Birthday
In the UPDV the birthday appears in two opposite registers. On one side it is the day a king celebrates with a banquet — a court occasion at which favor is dispensed and judgment is publicly executed. On the other side it is the day a sufferer curses, wishing the night of his conception had never come into the calendar at all. The narrative scene is royal and Egyptian; the laments are private and come from Job and from Jeremiah.
A Royal Court Occasion
The first birthday in scripture is Pharaoh's. Joseph, in prison with the chief cupbearer and the chief baker, has interpreted their dreams; the third day proves him out. "And it came to pass the third day, which was Pharaoh's birthday, that he made a feast to all his slaves: and he lifted up the head of the chief cupbearer and the head of the chief baker among his slaves" (Gen 40:20). The day of the king's birth is the day on which judgment is publicly executed. The cupbearer is restored; the baker is hanged (Gen 40:22).
The Day Cursed: Job
The opposite register is Job's. After his losses, "after this opened Job his mouth, and cursed his day" (Job 3:1). The day cursed is the day he was born. "Let the day perish in which I was born, And the night which said, A [noble] man was conceived" (Job 3:3). What follows is a sustained anti-blessing in which every property a birthday should have is reversed. "Let that day be darkness; Don't let God from above seek for it, Neither let the light shine on it" (Job 3:4). "As for that night, let thick darkness seize on it: Don't let it rejoice among the days of the year; Don't let it come into the number of the months" (Job 3:6). "Look, let that night be barren; Let no joyful voice come in it" (Job 3:7).

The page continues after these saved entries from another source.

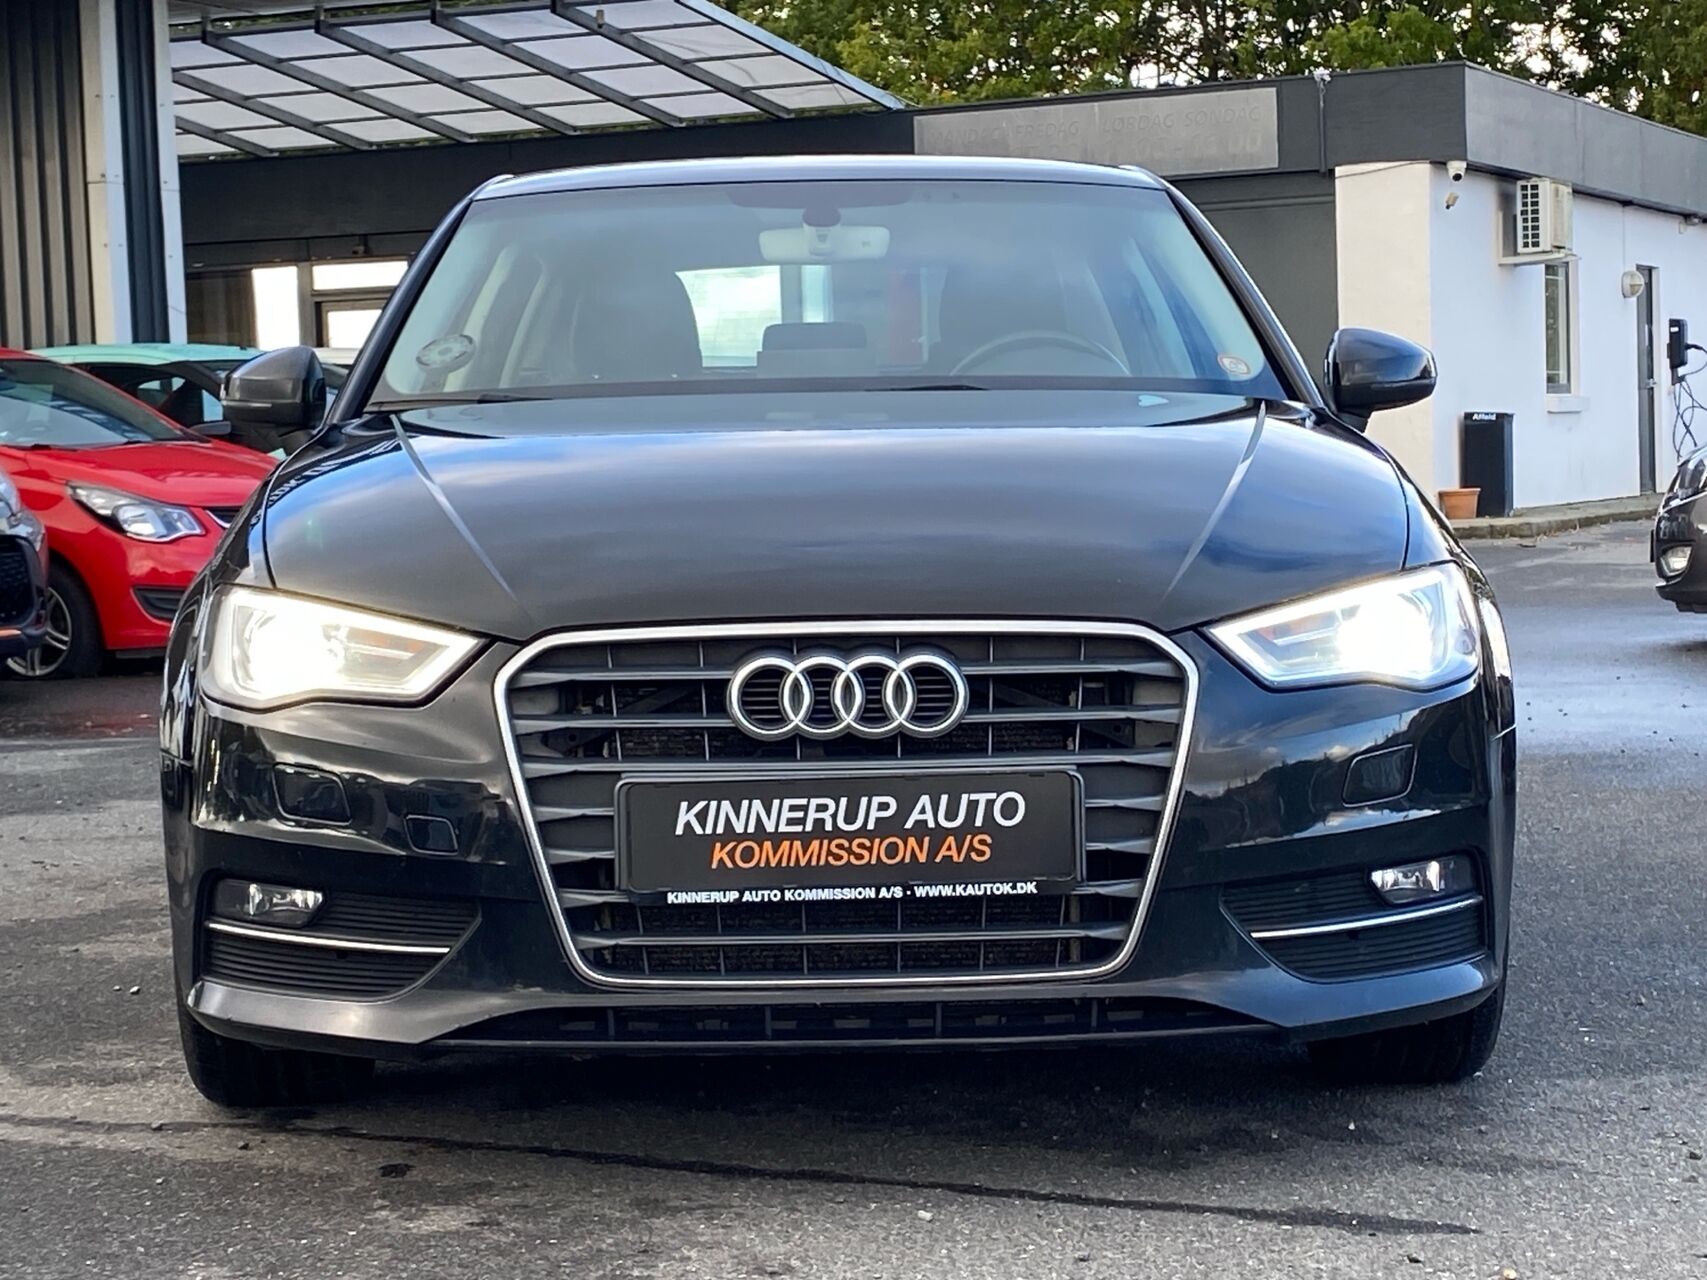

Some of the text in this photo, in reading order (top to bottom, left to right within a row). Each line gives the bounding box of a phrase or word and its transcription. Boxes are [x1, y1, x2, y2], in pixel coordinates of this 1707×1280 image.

[1016, 121, 1079, 138] FREDAG
[675, 791, 1025, 835] KINNERUP AUTO
[711, 833, 992, 869] KOMMISSION A/S
[667, 890, 739, 904] KINNERUP
[742, 889, 781, 902] AUTO
[784, 886, 876, 901] KOMMISSION
[878, 885, 903, 899] A/S
[914, 881, 1038, 898] WWW.KAUTOK.DK
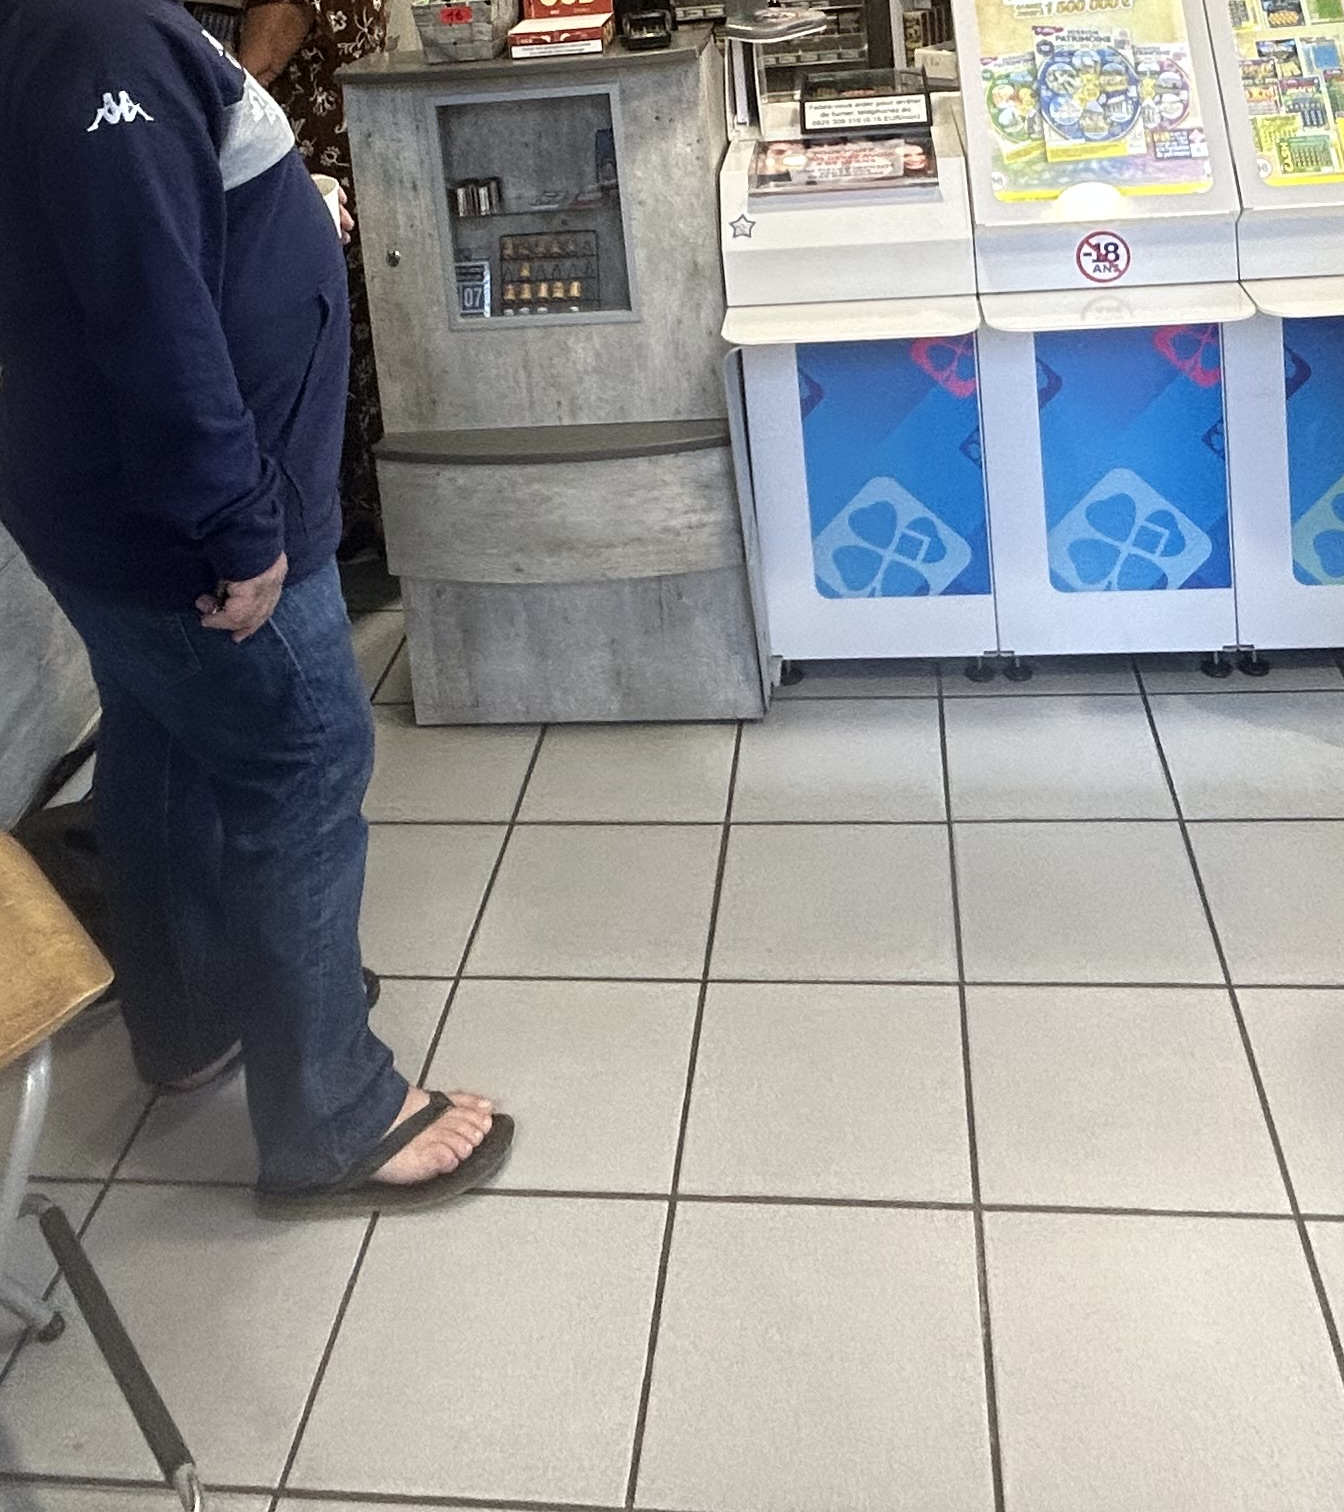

The cursing widens into a wish that birth had failed. "Why didn't I die from the womb? Why didn't I give up the ghost when my mother bore me?" (Job 3:11). On that account light itself is the wrong gift: "Why is light given to him who is in misery, And life to the bitter in soul? Who long for death, but it does not come, And dig for it more than for hid treasures" (Job 3:20-21).
The Day Cursed: Jeremiah
Jeremiah's lament parallels Job's, in nearly the same vocabulary. "Cursed be the day in which I was born: don't let the day in which my mother bore me be blessed" (Jer 20:14). The very announcement that should have made the birthday a celebration is reversed: "Cursed be the man who brought good news to my father, saying, A man-child is born to you; making him very glad" (Jer 20:15). The lament closes, "Why did I come forth out of the womb to see labor and sorrow, that my days should be consumed with shame?" (Jer 20:18).
What Job and Jeremiah share is a precise inversion of the birthday motif of Genesis 40. Pharaoh's banquet is loud, public, and ruinous to another. The prophets' laments are private, addressed to God, and ruinous only in wish — the day itself is asked to be unmade. The UPDV records both, side by side, without resolving them.